1) Read your statement each month. Look to make sure that the interest rate remained the same from the previous month. Look to see if any fees or penalties were charged to your account. If any of these appear on your statement, call you company and get explanations, you many see these charges dropped, just for asking.

2) Stop using multiple credit cards. The more credit cards you are using, the more likely you are going to "break the rules," with one of the companies. For example, you might go over your credit limit or forget a payment. Focus on using one card and really understand the terms of the card to ensure you use the card only to your advantage.

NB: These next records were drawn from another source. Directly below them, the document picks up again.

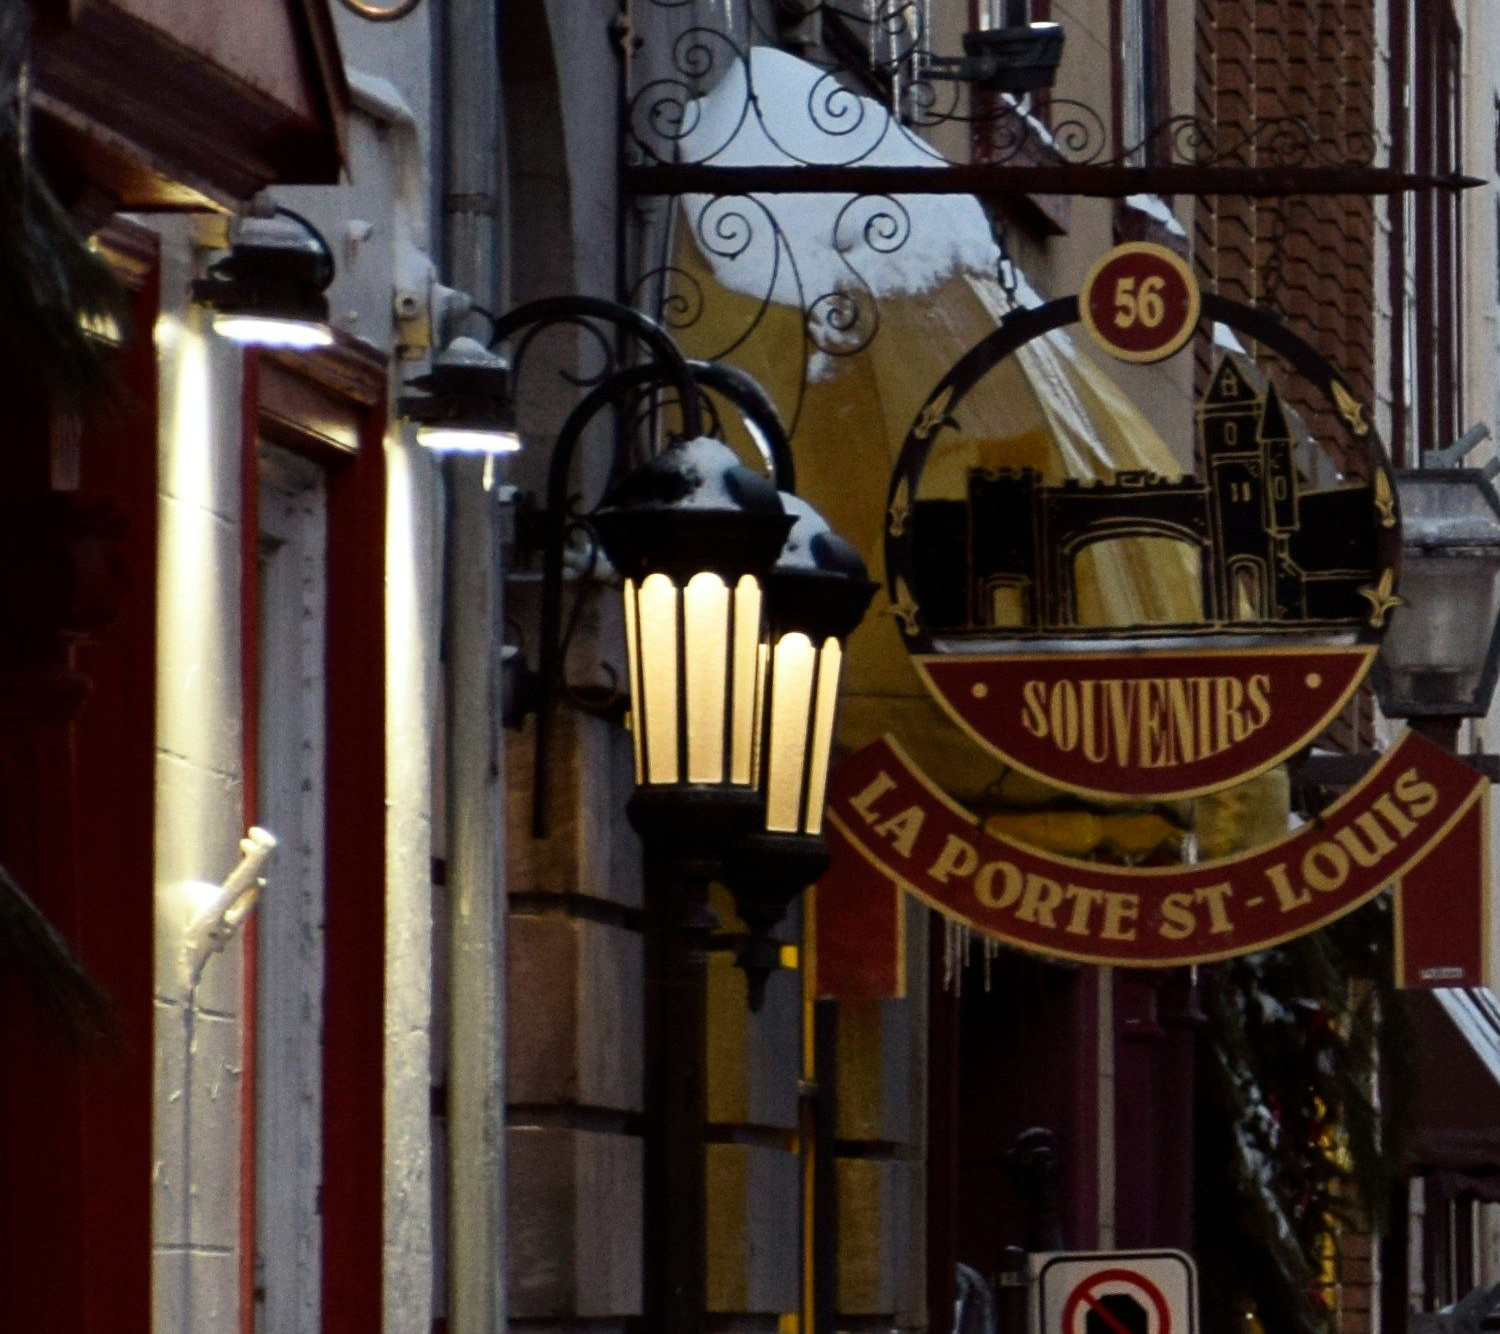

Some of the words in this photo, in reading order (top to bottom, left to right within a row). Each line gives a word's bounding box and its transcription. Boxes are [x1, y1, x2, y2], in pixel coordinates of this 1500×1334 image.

[1113, 275, 1165, 329] 56
[1020, 673, 1272, 768] SOUVENIRS
[848, 770, 926, 858] LA
[927, 832, 1142, 941] PORTE
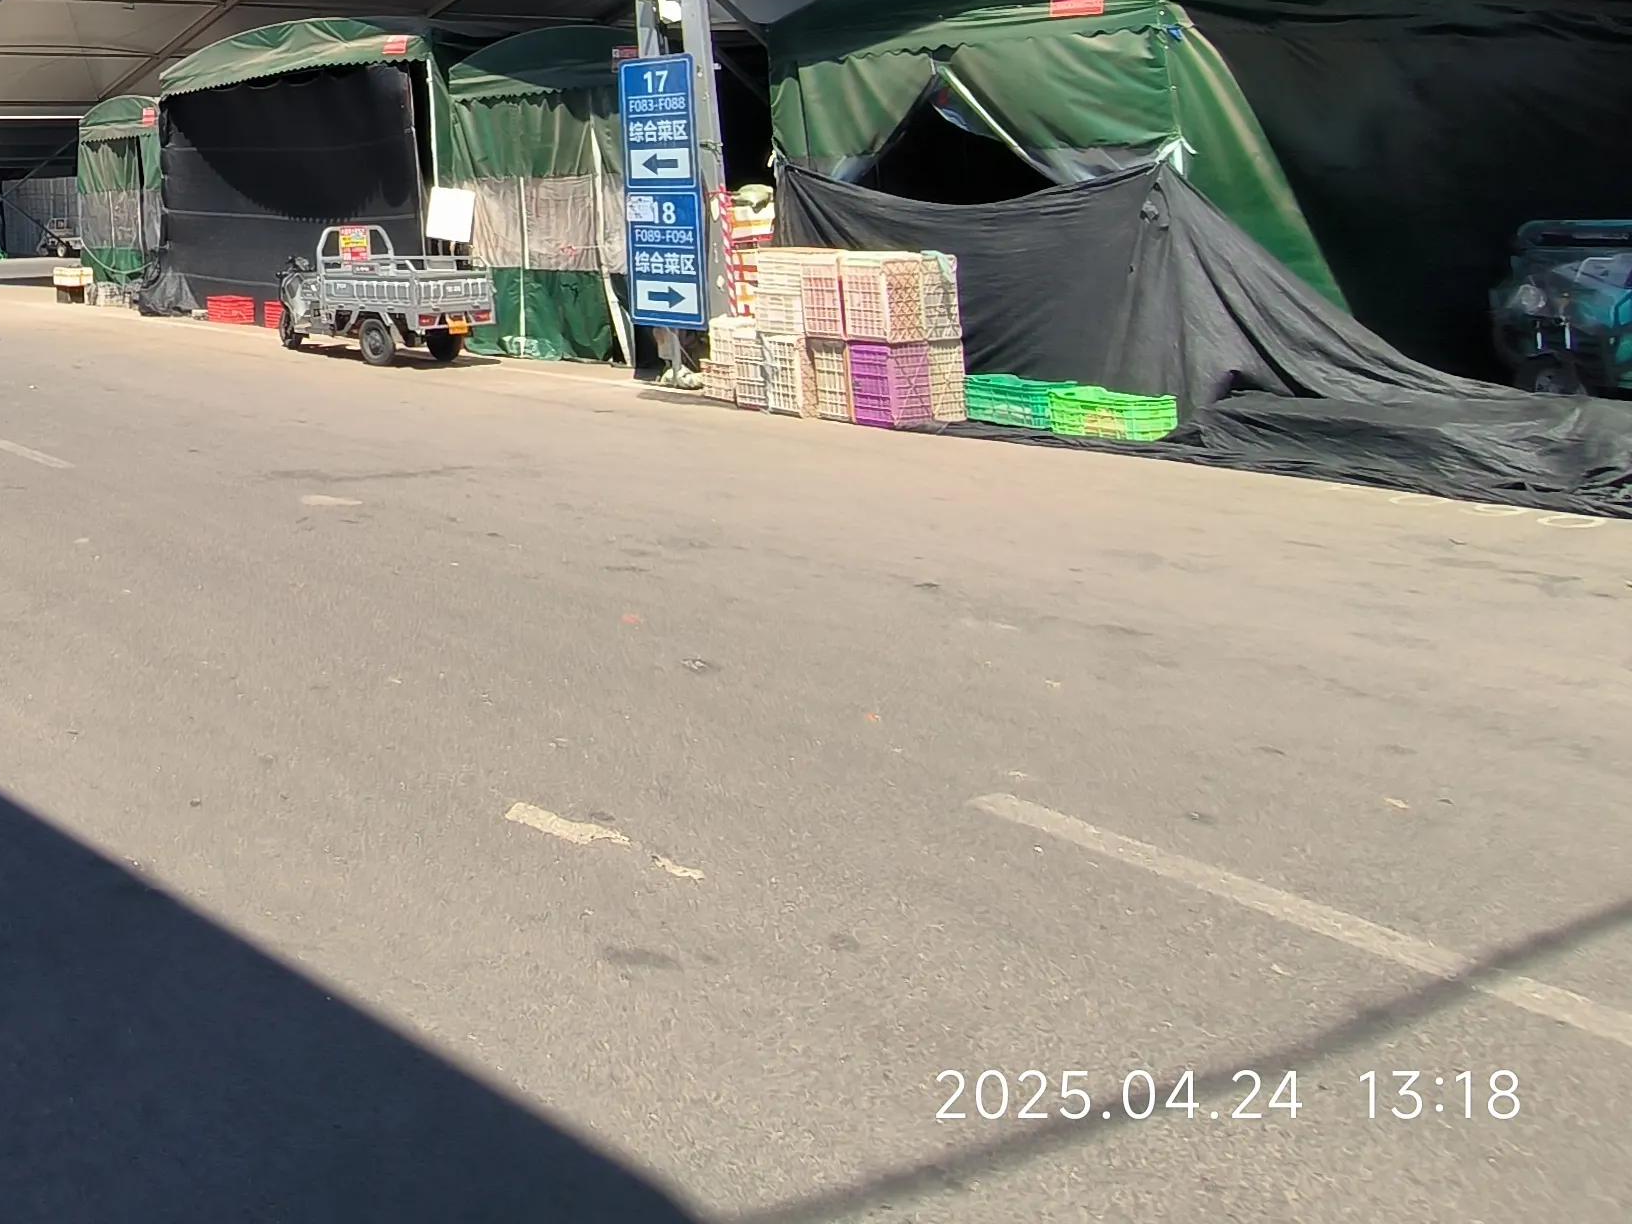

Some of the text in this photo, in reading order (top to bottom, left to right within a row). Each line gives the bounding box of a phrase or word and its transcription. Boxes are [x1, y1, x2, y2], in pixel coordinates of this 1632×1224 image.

[643, 70, 668, 94] 17
[628, 96, 686, 113] F083-F088
[628, 119, 688, 143] 综合菜区
[652, 201, 676, 224] 18
[634, 226, 694, 245] F089-F094
[634, 251, 696, 276] 综合菜区

3) Forget about rewards programs if you are paying interest month to month. Rewards from credit cards should only be taken into consideration for those that are truly responsible with their spending. Rewards average around 1% of your total purchases. This is a number, which is wiped out with one late fee assessed to your account or a month-to-month interest payment. Companies love that people are obsessed with earning frequent flyer miles or any other reward when using a card, many of these people don’t look at their credit card statement, but do look at how many miles they have earned. Money is money, so treat it that way.

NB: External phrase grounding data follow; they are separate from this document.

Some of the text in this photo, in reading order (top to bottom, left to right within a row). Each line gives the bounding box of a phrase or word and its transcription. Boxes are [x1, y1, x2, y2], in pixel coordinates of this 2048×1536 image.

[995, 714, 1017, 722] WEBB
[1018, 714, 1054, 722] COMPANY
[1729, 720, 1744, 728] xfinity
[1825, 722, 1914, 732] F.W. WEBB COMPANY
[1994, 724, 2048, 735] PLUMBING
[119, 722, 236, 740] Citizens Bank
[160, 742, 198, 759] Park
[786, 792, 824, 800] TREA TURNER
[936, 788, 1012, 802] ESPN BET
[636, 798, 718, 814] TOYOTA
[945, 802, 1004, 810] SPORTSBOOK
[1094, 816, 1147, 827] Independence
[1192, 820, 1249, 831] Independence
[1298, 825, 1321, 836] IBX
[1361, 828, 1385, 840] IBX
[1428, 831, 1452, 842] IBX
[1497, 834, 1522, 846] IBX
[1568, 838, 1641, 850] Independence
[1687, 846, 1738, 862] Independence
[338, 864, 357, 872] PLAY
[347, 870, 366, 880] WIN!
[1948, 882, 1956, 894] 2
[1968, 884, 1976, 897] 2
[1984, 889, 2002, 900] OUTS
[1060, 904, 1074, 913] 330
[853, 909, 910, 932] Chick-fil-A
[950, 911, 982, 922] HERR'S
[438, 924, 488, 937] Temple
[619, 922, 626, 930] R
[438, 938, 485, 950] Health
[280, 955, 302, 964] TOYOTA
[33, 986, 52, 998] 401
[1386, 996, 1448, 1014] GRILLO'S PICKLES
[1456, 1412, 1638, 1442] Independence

4) Call your card issuer and ask for a lower rate. We have stressed this before in an
earlier post. Nearly half of the people who call into their company asking for a reduced rate are successful. This is an amazing number! Credit card companies spend so much money marketing their cards and gaining new customers, that once they have you, they don't want to lose you. Take advantage of this and ask for a lower rate today! $

Wednesday, February 20, 2008

Five Things to Buy New and Five Things to Buy Used

In our quest for consumption, we can readily come up with a healthy list of things, given the cash flow, we could run out and buy right now. Let's imagine for a moment that’s possible. What would you buy? If you’re like us, that list spills over into electronics, home theater and sporting goods. When going through the process of shopping, some will simply see things they want and make impulsive purchases. I had this happen to me not even a week ago with a lob wedge that I had an eye on. I can barely call myself a hack so purchasing a $50 golf club was already a little out there. On top of that, it was on sale for $30! I had to go through the agony of making some perfect text book practice swings in the store, imagine it in my bag, visualize myself making a few beautiful pitches on to the imaginary greens, then put the club back on the shelf and walk away. Let me tell you, it’s a man's equivalent to giving birth. Maybe not, but still pretty difficult.

Impulsive purchases are probably single handily the cause of Americas credit card debt problems. Remember the
two-week rule we mentioned in an earlier post? For those items that you know you will enjoy and get your money’s worth, perhaps your decision of purchasing will ease if you find the product used and cheaper. We have recommended five items that you may be better off buying used and five where buying used is not worth it. Now, let's take a look at what is best used and new.



USED

1. Golf clubs. You saw that coming didn't you? There are people out there that have their entire business built around reselling used golf clubs. A woman I work with was somewhat
apprehensive about buying a used club, but ended up going to a manufactures' outlet site and got one that was "like new" and it was in pristine condition. This is an example of investigative research to save some pretty big bucks. Clubs are a lot like cars in that if you wait for the latest club to come out, the one before it get substantially reduced in price. Ebay is not a bad way to go about this. Just buy steel irons and be sure the drivers and woods show a picture.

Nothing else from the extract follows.